Compassionate leaders have a deep focus on caring for others and the organisation’s ‘greater good’. They encourage, support and lead with care and humility, and as a result, they often enjoy stronger connections with staff and higher levels of trust. By practising and nurturing compassion amongst teams, leaders will help to boost morale, foster greater psychological safety and mitigate against stress and burnout by ensuring staff feel seen, heard and cared for.
Fostering connections between teams and departments will improve collaboration, communication and team morale, while minimising the hierarchical structures that are often prevalent in hospitals. Try to touch base with your team on a daily or weekly basis to see how each team member is travelling physically and emotionally. Offering the time to listen to their concerns will enable you to build trust and establish a sense of comradery.
It’s also a good idea to schedule in a regular professional debrief session to talk through the events of the week with your team. This will provide an opportunity to spot the tell-tale signs of burnout or trauma and identify potential gaps or risks to staff wellbeing.
Cultivate psychological safety through leadership trust
Built on the foundations of leadership trust, psychological safety is one of the most vital ingredients for, and symptoms of, a healthy workplace. Defined as the shared belief that it’s safe to take risks and think creatively without fear of admonition, psychological safety can be understood as the climate inside an organisation that compels you to either keep your head down or feel willing to speak up and share ideas. Instead of over-caring about the consequences of getting it wrong, staff understand they’re more likely to be rewarded for speaking up in the first place. This is particularly important for younger healthcare workers in the early stages of their careers. As leaders, ensure that your communication clarifies that speaking up is okay and even encouraged.
As a leader, establishing a strong trusting relationship with employees is essential, as psychological safety can’t exist without this. Leadership trust is the mutual confidence between leaders and teams which enables individuals to operate independently and feel comfortable voicing an idea or suggesting change. Leadership trust is fostered around connection, steadiness, compassion, integrity, purpose and trust action. With these elements in place, staff will be willing to take a risk and behave in a way that may lead to failure knowing they are backed by their leader.

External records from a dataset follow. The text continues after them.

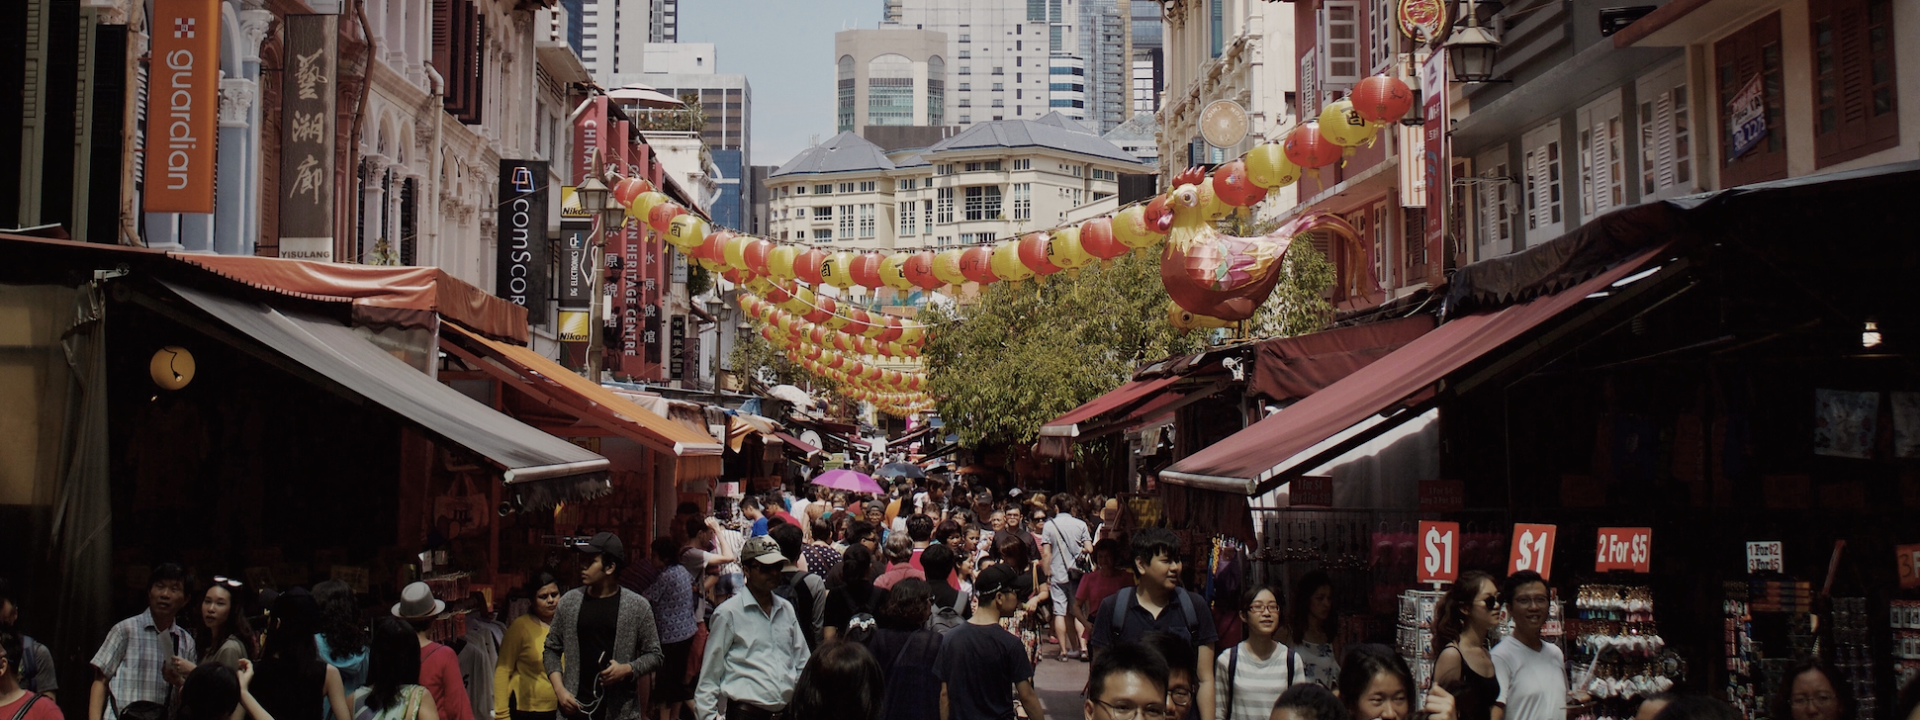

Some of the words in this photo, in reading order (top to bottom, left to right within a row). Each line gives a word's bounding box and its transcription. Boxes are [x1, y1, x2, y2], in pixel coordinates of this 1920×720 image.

[166, 48, 196, 191] guardian
[281, 250, 331, 259] YISULANG
[511, 198, 531, 304] comScor
[569, 247, 579, 285] ELECTRONICS
[625, 243, 638, 305] HERITAGE
[559, 332, 588, 340] Nikon
[624, 309, 637, 356] CENTRE
[1303, 480, 1313, 489] For
[1308, 493, 1318, 503] For
[1439, 496, 1449, 504] For
[1424, 526, 1452, 577] $1
[1516, 529, 1547, 573] $1
[1598, 534, 1607, 562] 2
[1609, 534, 1630, 563] For
[1631, 532, 1647, 567] $5
[1748, 544, 1753, 556] 1
[1754, 544, 1768, 556] For
[1768, 543, 1779, 555] $2
[1749, 559, 1755, 571] 3
[1755, 559, 1769, 571] For
[1769, 559, 1780, 571] $5
[1899, 553, 1912, 578] 3
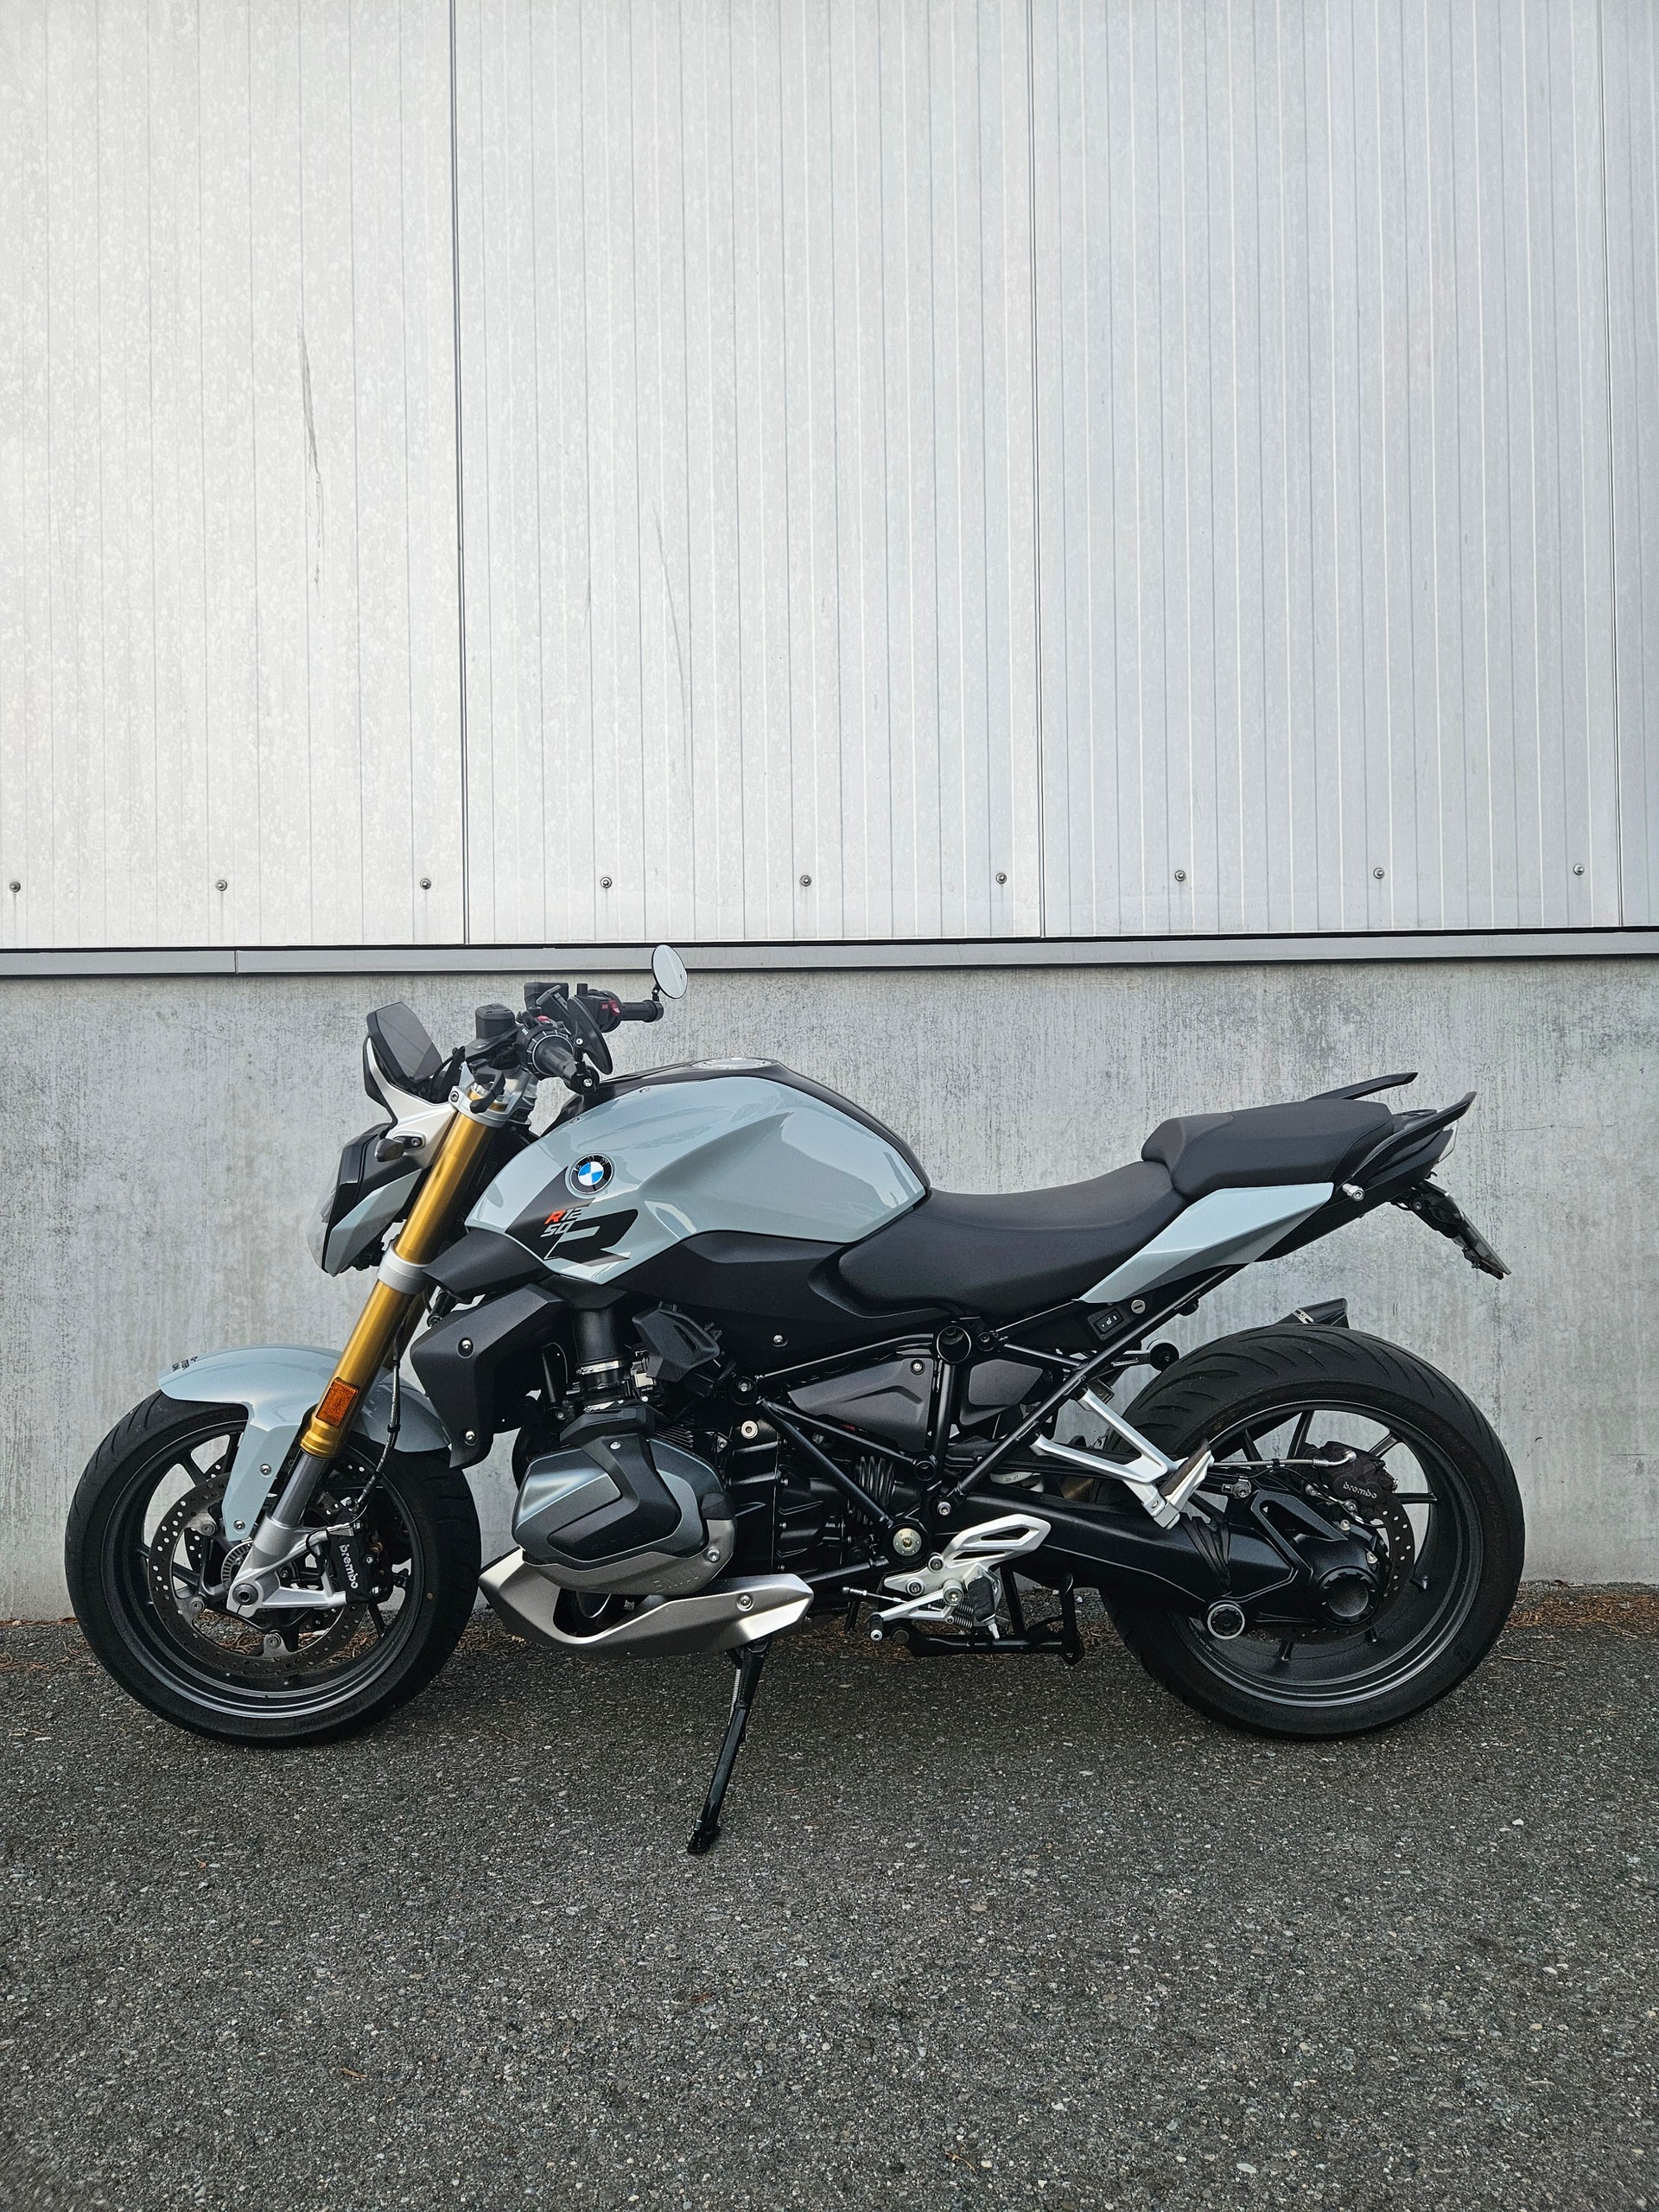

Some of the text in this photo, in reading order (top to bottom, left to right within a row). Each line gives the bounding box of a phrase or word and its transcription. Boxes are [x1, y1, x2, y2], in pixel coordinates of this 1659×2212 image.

[540, 1220, 575, 1238] 50
[1342, 1481, 1377, 1499] brembo
[339, 1543, 359, 1589] brembo
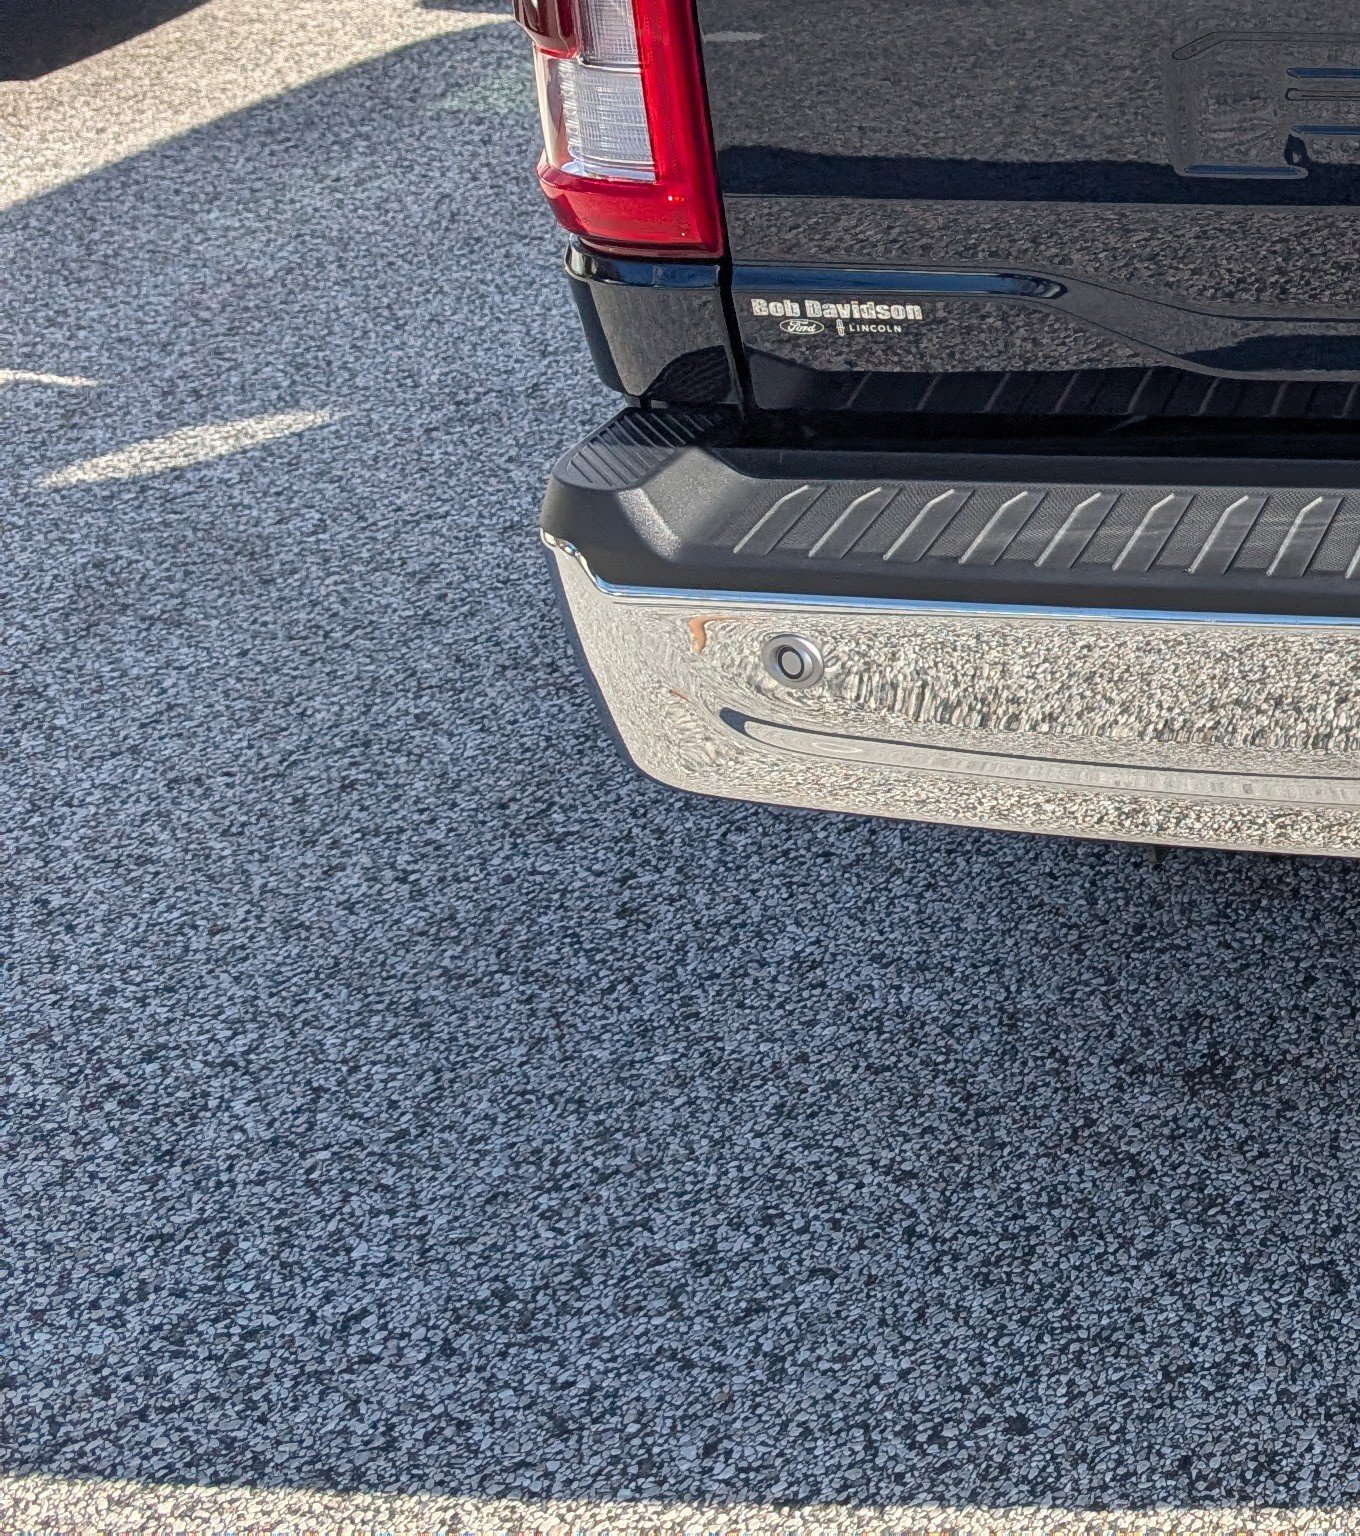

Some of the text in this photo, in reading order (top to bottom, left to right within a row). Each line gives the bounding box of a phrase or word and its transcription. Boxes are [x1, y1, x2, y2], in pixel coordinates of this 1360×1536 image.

[751, 298, 923, 320] Bob Davidson
[849, 323, 902, 333] LINCOLN

Both individually and collectively, resilience helps us lead under pressure, maintain an optimistic outlook during periods of turbulence, navigate change with agility and bounce forward from setbacks. The power of resilience in business is that it acts as a buffer during particularly stressful or busy periods, preparing and enabling us to maintain balance in our lives, protect our wellbeing and sustain high performance at work.
Resilience gives leaders the ability to transform businesses and teams by cultivating greater psychological safety, fostering creativity and innovation, and increasing engagement, communication and purpose. Significantly, resilience also mitigates burnout and reduces the risk of a downward spiral. Proactively, frontline workers should be trained in resilience skills that are refreshed each month, including quarterly resilience assessments. Resilience coaching and EAP support may also be valuable here.
The challenges of the pandemic have taken a sizable toll on the healthcare industry at large. These strategies will equip leaders to protect staff mental health as COVID-19 cases continue to climb. At the end of the day, it has never been more important to safeguard the resilience of your greatest asset — your staff.